Task to complete: Ignoring the pictures, copy the data exactly.

Supplied records:
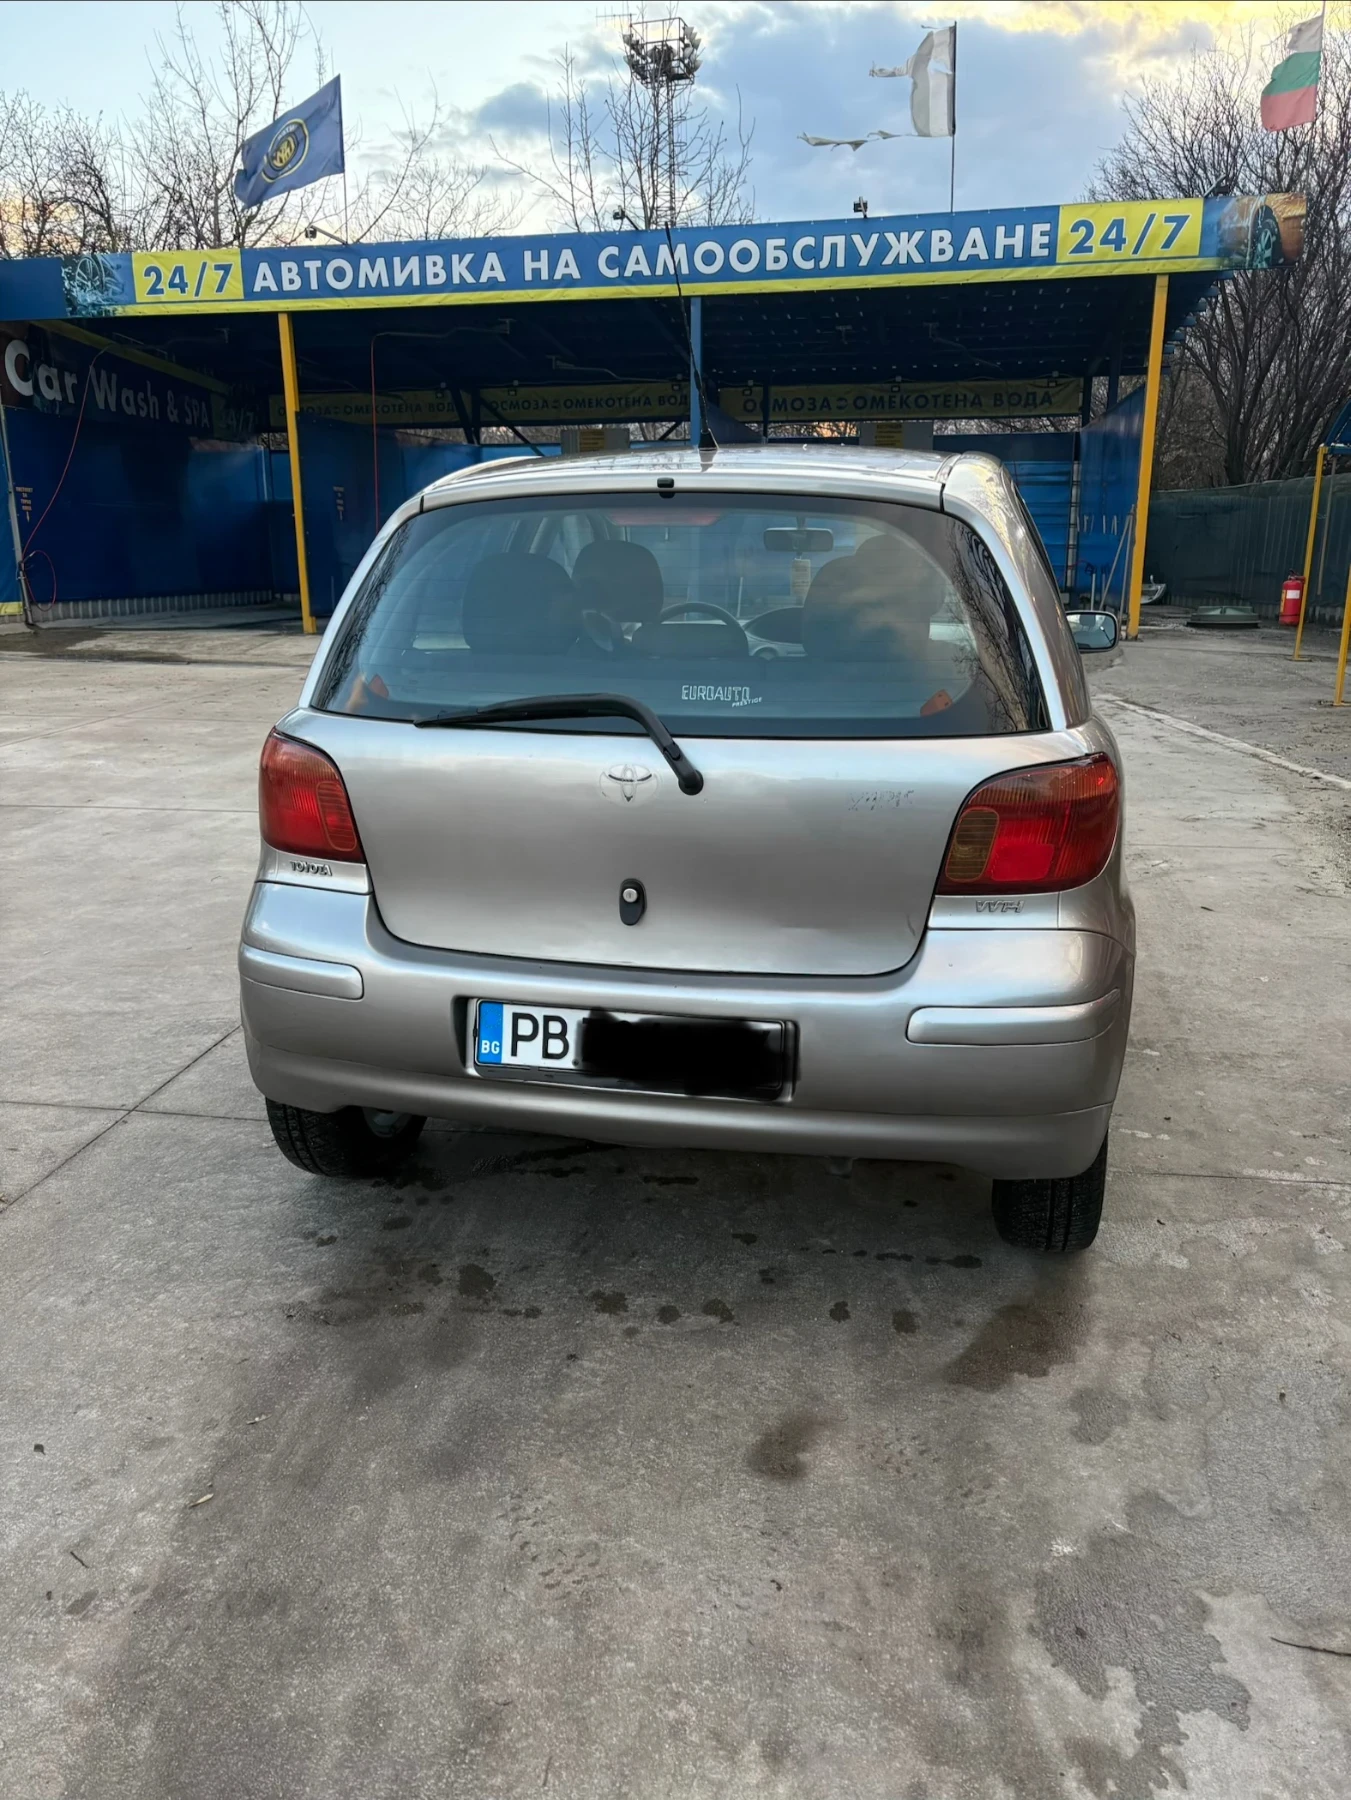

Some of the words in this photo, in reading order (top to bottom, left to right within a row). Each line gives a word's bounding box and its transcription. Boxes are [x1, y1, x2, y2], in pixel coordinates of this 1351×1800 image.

[143, 261, 234, 298] 24/7
[252, 252, 507, 293] АВТОМИВКА
[523, 248, 582, 282] НА
[597, 222, 1051, 279] САМООБСЛУЖВАНЕ
[1066, 212, 1191, 256] 24/7
[4, 339, 79, 405] Car
[89, 365, 160, 420] Wash
[166, 389, 181, 425] &
[184, 395, 212, 430] SPA
[428, 402, 456, 413] ВОД
[490, 399, 549, 411] ОСМОЗА
[563, 395, 652, 409] ОМЕКОТЕНА
[658, 394, 688, 407] ВОД
[853, 393, 983, 410] ОМЕКОТЕНА
[993, 390, 1053, 409] ВОДА
[681, 685, 750, 701] EUROAUTO
[290, 860, 333, 877] TOYOTA
[510, 1011, 570, 1061] PB
[481, 1039, 501, 1055] BG

Result:
Some of the words in this photo, in reading order (top to bottom, left to right within a row). Each line gives a word's bounding box and its transcription. Boxes are [x1, y1, x2, y2], in pixel coordinates of this 1351×1800 image.

[143, 261, 234, 298] 24/7
[252, 252, 507, 293] АВТОМИВКА
[523, 248, 582, 282] НА
[597, 222, 1051, 279] САМООБСЛУЖВАНЕ
[1066, 212, 1191, 256] 24/7
[4, 339, 79, 405] Car
[89, 365, 160, 420] Wash
[166, 389, 181, 425] &
[184, 395, 212, 430] SPA
[428, 402, 456, 413] ВОД
[490, 399, 549, 411] ОСМОЗА
[563, 395, 652, 409] ОМЕКОТЕНА
[658, 394, 688, 407] ВОД
[853, 393, 983, 410] ОМЕКОТЕНА
[993, 390, 1053, 409] ВОДА
[681, 685, 750, 701] EUROAUTO
[290, 860, 333, 877] TOYOTA
[510, 1011, 570, 1061] PB
[481, 1039, 501, 1055] BG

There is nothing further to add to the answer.